My definition of a stall on P2 is a 4 consecutive day period where your average is less than .4 per day.  If you are my client, and this happens with your losses, then I encourage you to try this:

One Beef/One Fish
One Raw/One Cooked Veggie
Only Berries (or, if you consider tomato a fruit, no berries)
Up to 1/4 cup of half and half (no carrageenan)
No wheat

Try it and see!

This is one of those meals on P2 that you really feel like you are eating pretty normal.

Enjoy!

TacoSalad500

P2 Taco Salad
1 serving

10 minutes prep
15 minutes start to finish

3.5 oz lean ground beef
1 tsp taco seasoning, homemade
1 tbsp minced onion, dehydrated
1 small jalapeno, chopped small (to taste)
1 tbsp lime juice
1 roma tomato, chopped
3 oz lettuce, chopped
cilantro to taste

Brown meat over medium heat with taco seasoning until done, drain.  Let cool.

Add dried onion to lime juice and allow to rehydrate, mix in the jalapeno pepper…this is your dressing.

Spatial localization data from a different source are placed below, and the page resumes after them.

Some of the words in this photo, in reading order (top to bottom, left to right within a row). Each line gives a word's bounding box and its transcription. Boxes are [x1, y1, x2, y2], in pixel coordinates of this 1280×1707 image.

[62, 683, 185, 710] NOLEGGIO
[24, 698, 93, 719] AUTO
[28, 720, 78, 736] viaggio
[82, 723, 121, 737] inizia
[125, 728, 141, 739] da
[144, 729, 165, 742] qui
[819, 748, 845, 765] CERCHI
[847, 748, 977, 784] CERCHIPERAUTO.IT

Layer lettuce, tomato, meat mixture and then top all with dressing and make pretty with cilantro.  Yum!

Entire Recipe:

197 Calories
6g Fat (25% calories from fat)
24g Protein
14g Carbohydrate; 3g Dietary Fiber
62mg Cholesterol; 368mg Sodium; 817mg Potassium

Per Serving:

197 Calories
6g Fat (25% calories from fat)
24g Protein
14g Carbohydrate; 3g Dietary Fiber
62mg Cholesterol; 368mg Sodium; 817mg Potassium

Serving Idea:  If you are doing a higher fat version of the protocol, you can add a dollop of sour cream and this becomes a double yum factor!

Note:  This is totally P2 Legal if you consider the following:  the dehydrated onions are considered a spice, as is the cilantro and jalapeno.  Lemon and limes are interchangable on protocol.  And consider your tomato a fruit.

Print Friendly and PDF

Recipe: Hamburger and the Fixings

P3 and P4 LegalI know, I know.

It’s officially fall and I should be concentrating on fall recipes.  However, it is also foot ball season and we love to grill, don’t we?  Hamburgers are always perfect for grilling, but who wants to just keep eating burgers without a bun?

Enter the Oopsie Roll!  That is a name made famous by a low carber from WAY back.  In reality, these rolls were developed by none other than the low carb king, Dr. Atkins himself, except he called them “Revolution Rolls”.  I spent a few minutes before I wrote this post to find the original recipe, but alas, I can’t find it anywhere online.  If you find it, could you post it here in the comment section for me?

The recipe is in the original Dr. Atkins Diet Revolution book, of which my copy is in storage!  :(

In any case, these are awesome to make at least once a week for those times you need a quick something to munch on when you are on the go.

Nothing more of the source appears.